Lembro-me perfeitamente da primeira vez que prescrevi o apixabana, ainda durante o estudo ARISTOTLE, num centro satélite. Tínhamos um paciente, o Sr. Alberto, 78 anos, com FANV persistente e uma história de dois episódios prévios de sangramento gastrointestinal menor com a varfarina, apesar de um controle meticuloso do INR. Ele estava francamente ansioso com a ideia de continuar anticoagulado. A equipa discutiu bastante – alguns colegas mais conservadores preferiam manter a varfarina e simplesmente “vigiar mais de perto”. Outros, incluindo-me, argumentávamos que o perfil de segurança superior no sangramento maior, especialmente o gastrointestinal que era a preocupação dele, justificava a mudança. Foi um salto de fé com dados ainda preliminares na época.
A transição foi tranquila. O que mais me impressionou, além da ausência de novos eventos hemorrágicos, foi a transformação na qualidade de vida do Sr. Alberto. A ansiedade em torno das picadas para o INR desapareceu. Ele viajava para visitar os netos sem ter que procurar um laboratório. Anos mais tarde, durante um follow-up de rotina, ele disse algo que ficou comigo: “Doutor, esta medicação deixou de ser uma doença para passar a ser apenas um comprimido”. Essa frase capta perfeitamente o avanço que estes DOACs representaram.

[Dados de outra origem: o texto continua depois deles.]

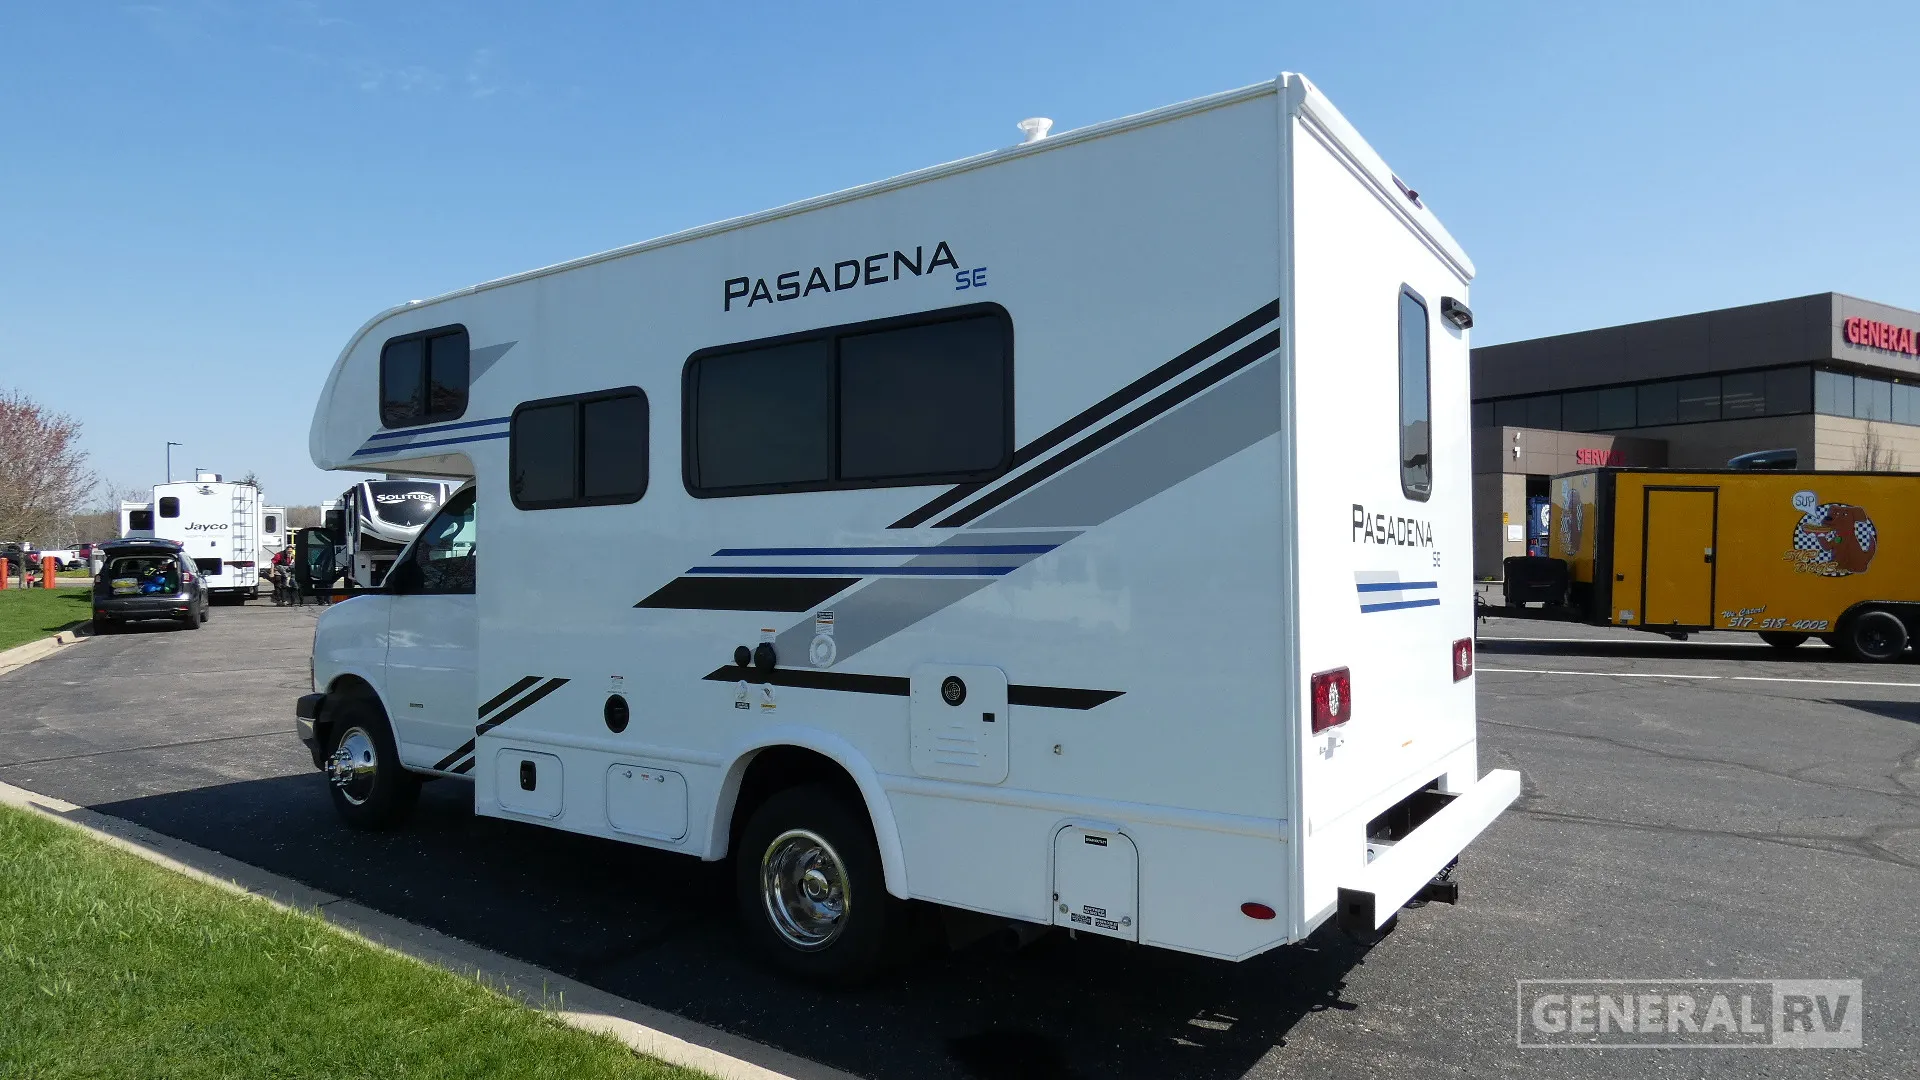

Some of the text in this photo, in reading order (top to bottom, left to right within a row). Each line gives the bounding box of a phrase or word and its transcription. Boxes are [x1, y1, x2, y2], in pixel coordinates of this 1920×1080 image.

[724, 241, 959, 312] PASADENA
[955, 266, 988, 291] SE
[1844, 316, 1917, 355] GENERAL
[1576, 448, 1626, 467] SERVICE
[376, 493, 437, 503] SOLITUDE
[1795, 495, 1815, 507] SUP
[184, 522, 229, 532] Jayco
[1352, 503, 1434, 548] PASADENA
[1432, 551, 1441, 567] SE
[1782, 549, 1819, 562] SUP
[1721, 610, 1735, 618] We
[1727, 617, 1829, 631] 517-518-4002
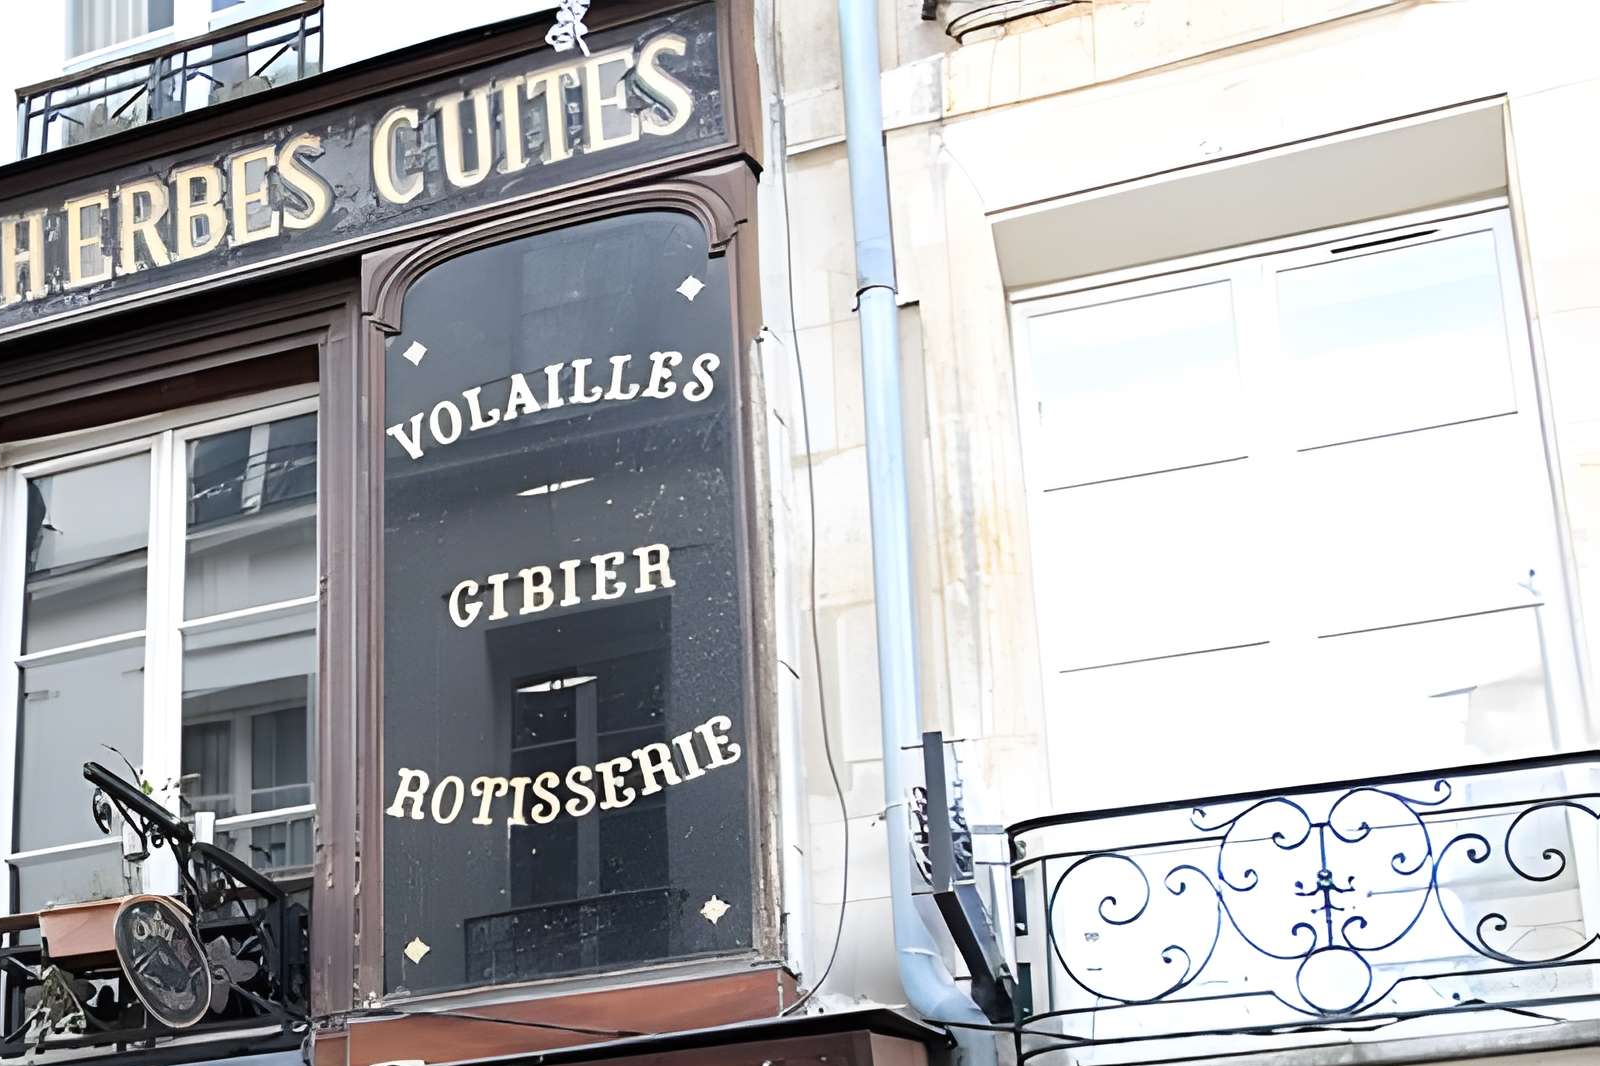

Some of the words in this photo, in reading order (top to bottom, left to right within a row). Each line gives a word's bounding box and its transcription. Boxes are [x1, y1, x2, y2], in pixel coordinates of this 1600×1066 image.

[372, 33, 695, 205] CUITES
[386, 350, 721, 460] VOLAILLES
[448, 543, 677, 628] GIBIER
[385, 715, 742, 826] ROTISSERIE
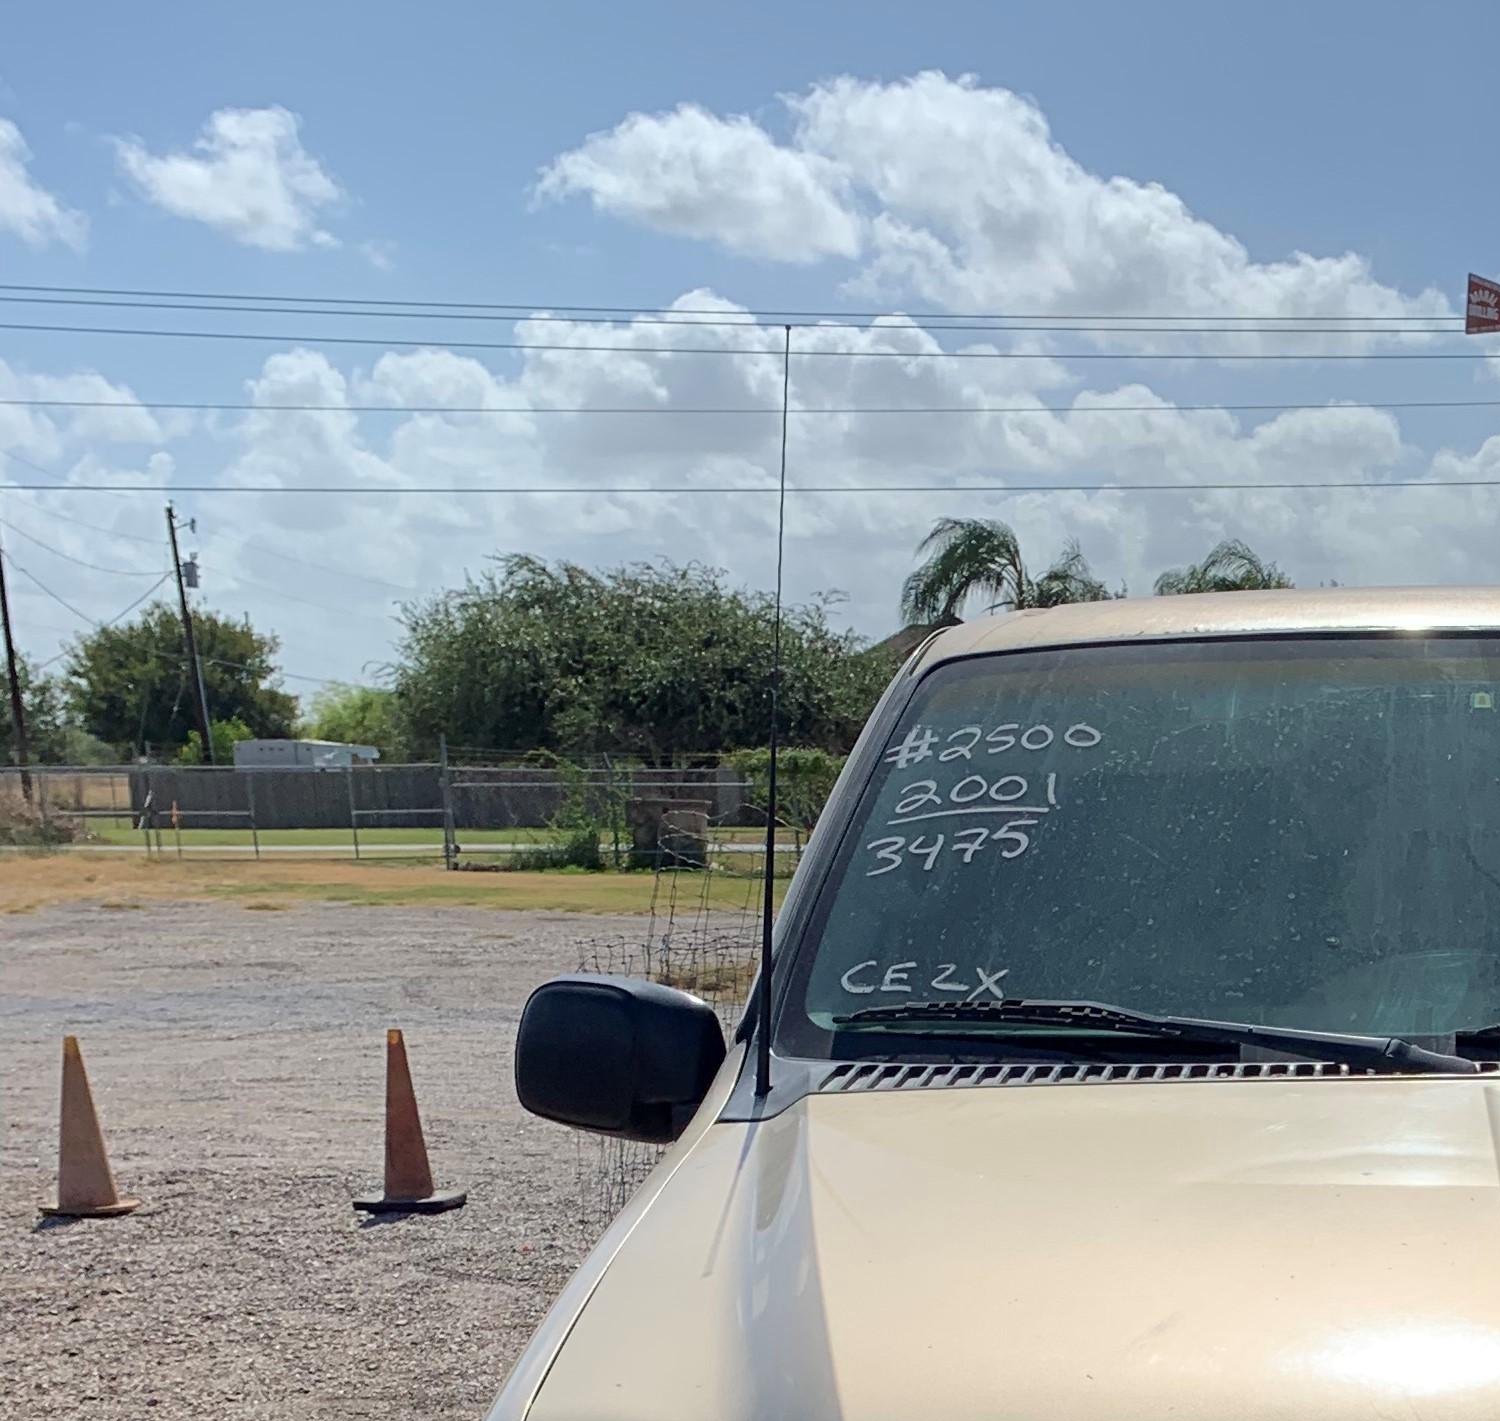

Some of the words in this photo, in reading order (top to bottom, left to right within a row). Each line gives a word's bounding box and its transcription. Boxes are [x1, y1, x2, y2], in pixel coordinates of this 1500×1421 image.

Não foi tudo linear, claro. Tivemos casos de confusão com a dose de 2.5 mg vs 5 mg, especialmente quando os pacientes recebiam a alta hospitalar com uma dose e o médico de família, por hábito, prescrevia a outra. Houve desentendimentos na equipa sobre a gestão perioperatória – a tendência inicial era de interromper por demasiado tempo, por medo, até que os protocolos institucionais foram criados com base na evidência que ia surgindo. Um caso complicado foi o da Dona Maria, 82 anos, com função renal limítrofe e em tratamento crónico com fluconazol para uma onicomicose teimosa. Quase passou despercebida a interação potente. Foi a farmacêutica do hospital que alertou. Suspendeu-se o antifúngico, ajustou-se a dose, e evitou-se provavelmente um evento adverso grave. Aprendemos que a simplicidade do “sem monitorização” não significa “sem vigilância”. A atenção às comorbilidades e interações é, de certa forma, ainda mais crítica.
Acompanho agora uma coorte de cerca de trinta pacientes em apixabana a longo prazo. O perfil de segurança mantém-se consistente com os ensaios. O Sr. Alberto, agora com 85 anos, recentemente precisou de uma prostatectomia. Coordenamos a interrupção curta com o urologista, sem complicações. Ele continua ativo. Ver estes resultados no mundo real, fora do rigor controlado dos ensaios, é o que verdadeiramente valida a escolha terapêutica. Ainda discuto casos com colegas, ainda revejo guidelines, mas a experiência acumulada com o Eliquis fortaleceu a confiança na sua utilização como uma primeira linha robusta e segura para a maioria dos nossos pacientes que necessitam de anticoagulação oral crónica.